Dalam pernyataannya yang dikutip
AFP pada Senin (3/7), Erdogan menyalahkan kerusuhan di Prancis dengan Islamofobia yang telah menjamur di negara itu sejak zaman dulu.
"Di negara-negara yang terkenal dengan masa kolonial mereka, rasisme budaya telah berubah menjadi rasisme institusional," ujar Erdogan dalam wawancara dengan stasiun televisi.
Menurutnya, akar dari peristiwa itu dimulai dari struktur sosial yang dibangun atas landasan mentalitas negara tersebut, dengan sebagian besar imigran dikutuk untuk tinggal di ghetto, untuk mereka tindas secara sistematis, yang kebanyakan terjadi kepada masyarakat Muslim.
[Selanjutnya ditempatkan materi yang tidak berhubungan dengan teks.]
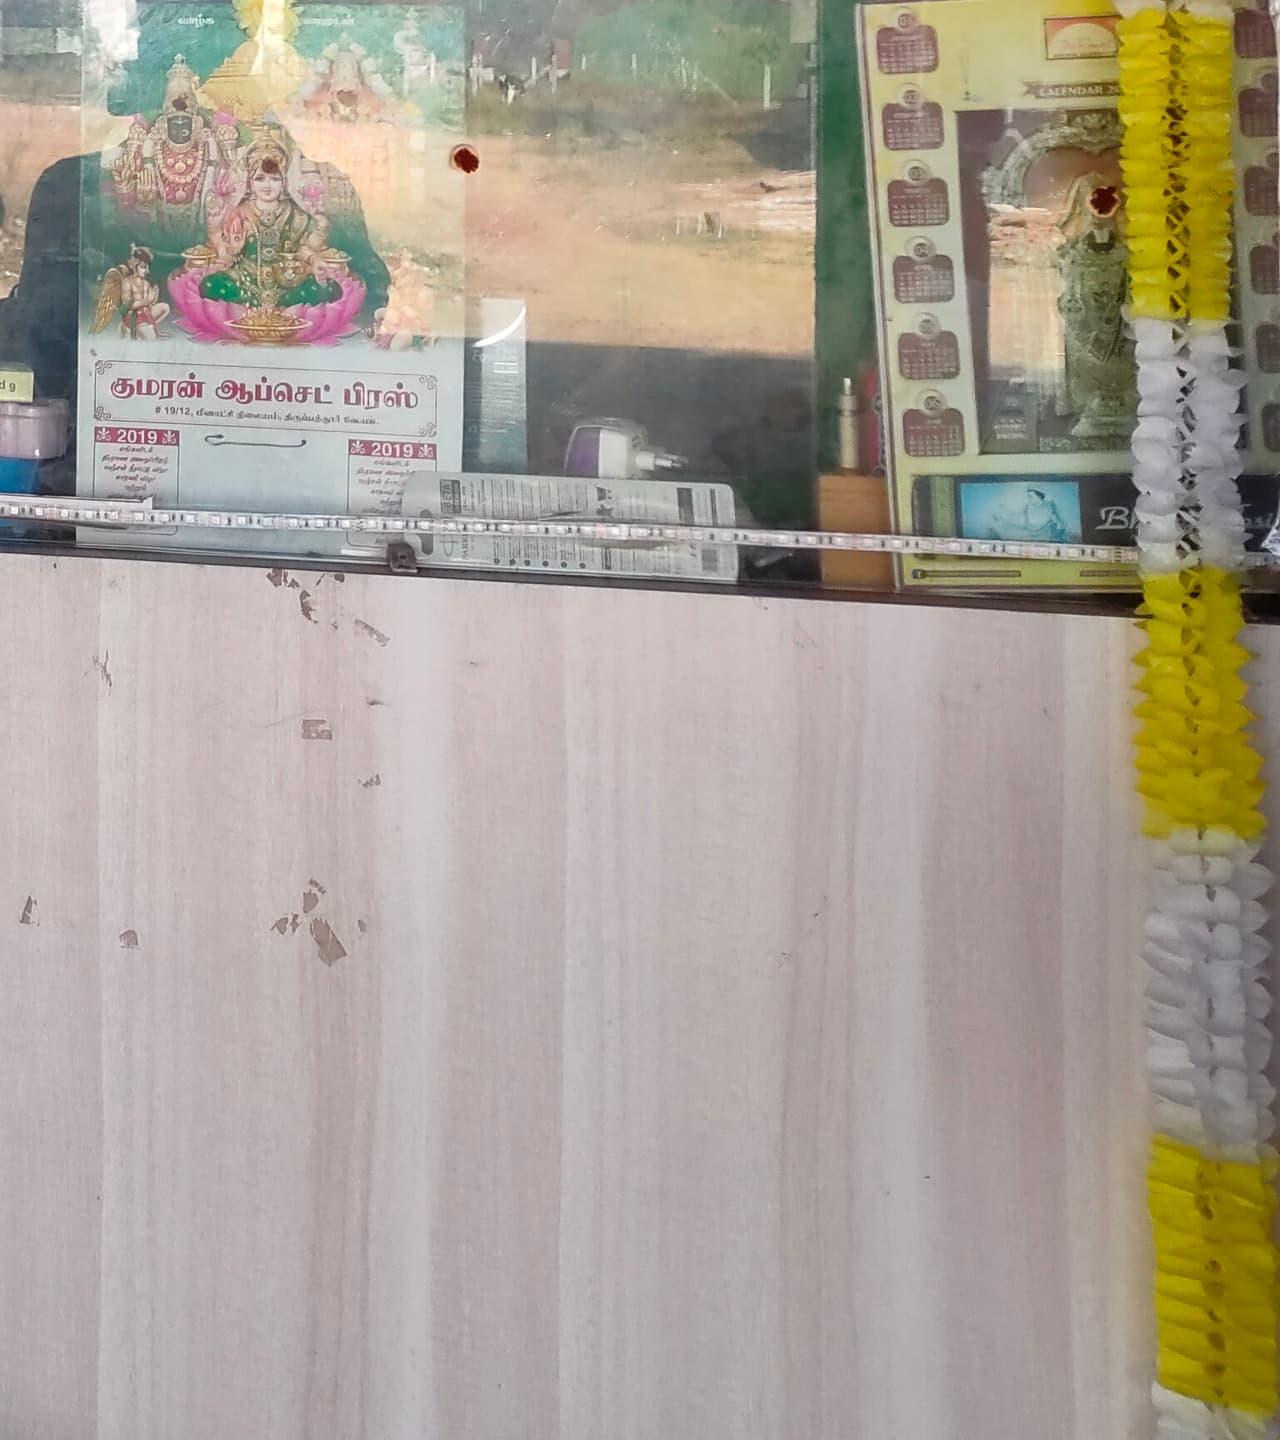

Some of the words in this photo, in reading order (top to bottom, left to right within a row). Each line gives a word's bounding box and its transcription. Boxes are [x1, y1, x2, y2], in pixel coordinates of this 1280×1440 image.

[8, 382, 17, 393] 6
[110, 371, 206, 401] குமரன்
[215, 376, 334, 406] ஆப்செட்
[343, 382, 420, 412] பிரஸ்
[116, 428, 158, 445] 2019
[371, 442, 414, 458] 2019
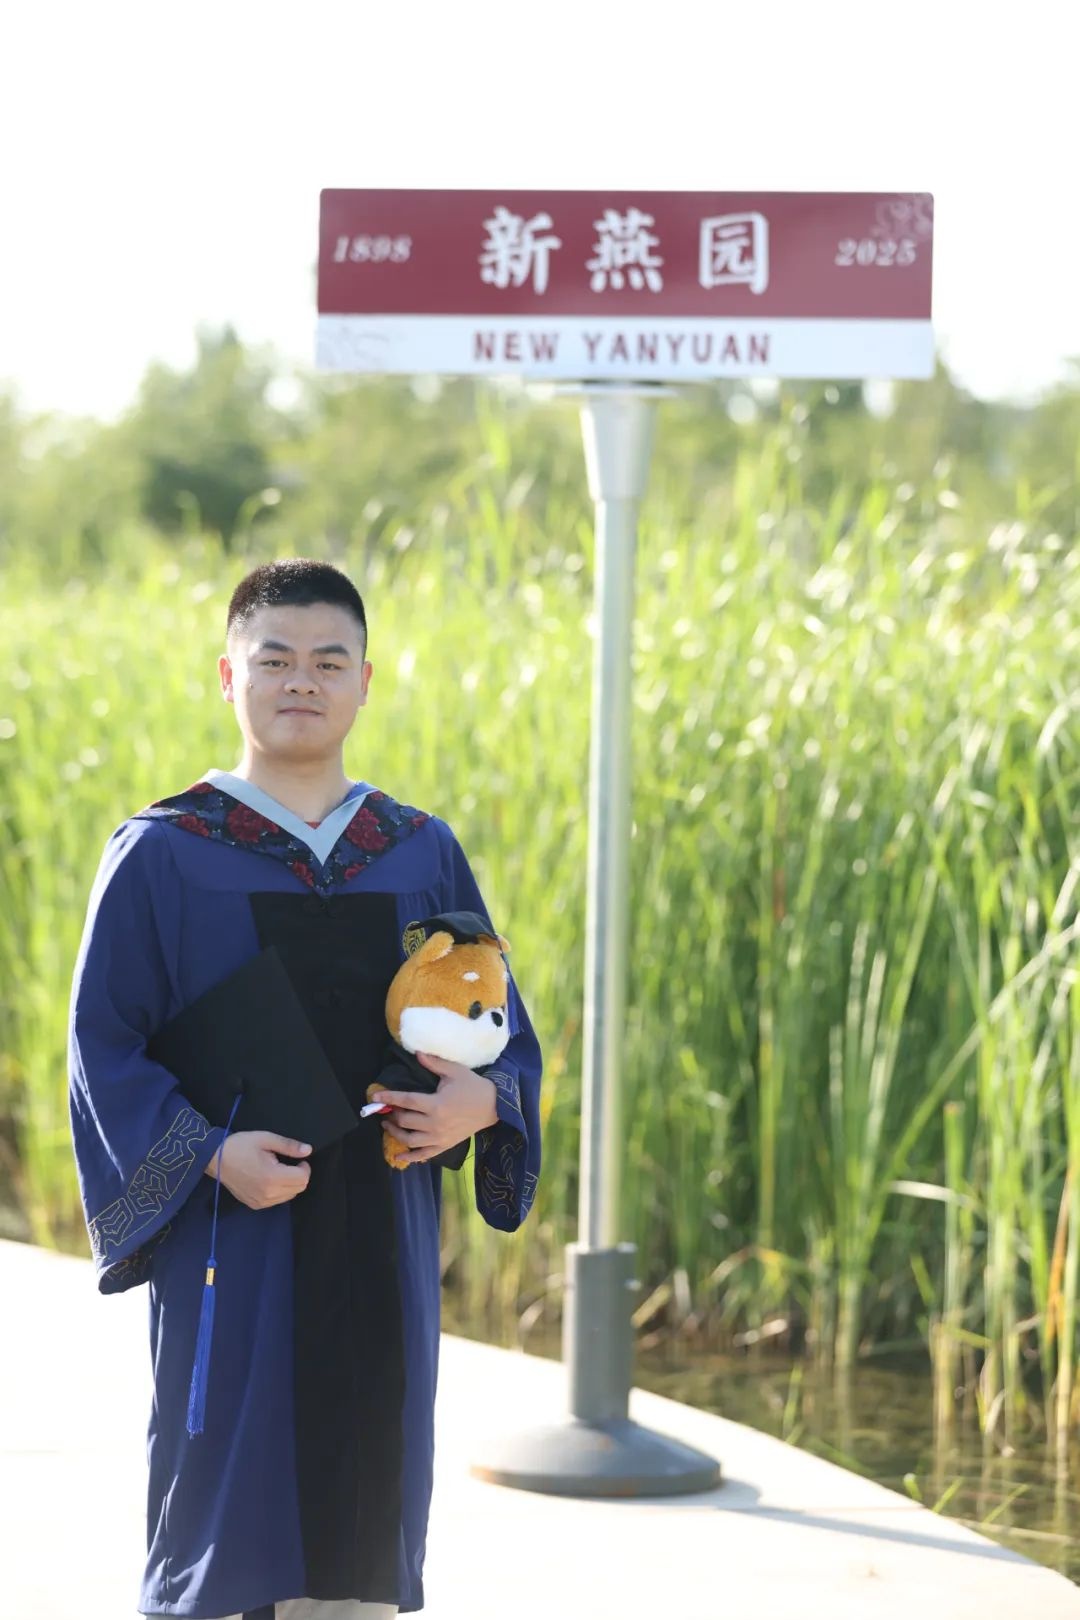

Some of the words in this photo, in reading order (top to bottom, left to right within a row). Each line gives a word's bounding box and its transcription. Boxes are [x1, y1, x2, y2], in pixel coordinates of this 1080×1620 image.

Hal tersebut dilontarkan Erdogan setelah kerusuhan meletus di Prancis atas kematian seorang remaja berusia 17 tahun bernama Nahel Marzouk, keturunan Aljazair-Maroko, yang ditembak mati polisi di Nanterre, pinggiran Paris, awal pekan lalu.
Insiden tersebut telah memicu kemarahan yang meluas dari publik, yang menilai bahwa penembakan itu terjadi karena rasisme yang kerap dilakukan kepolisian Prancis kepada penduduk di pinggiran kota berpenghasilan rendah, terutama etnis minoritas, seperti Nahel.
Pengunjuk rasa yang marah telah membakar ratusan mobil, merusak sejumlah bangunan, dan menjarah toko-toko di beberapa kota.
Menanggapi kerusuhan yang meluas itu, Erdogan juga mengutuk aksi penjarahan yang merajalela di Paris.
Ia menyatakan bahwa jalan-jalan tidak boleh digunakan untuk mencari keadilan. Namun, ia kembali menegaskan bahwa pihak berwenang Prancis juga harus belajar dari ledakan ketegangan sosial yang terjadi di negaranya itu.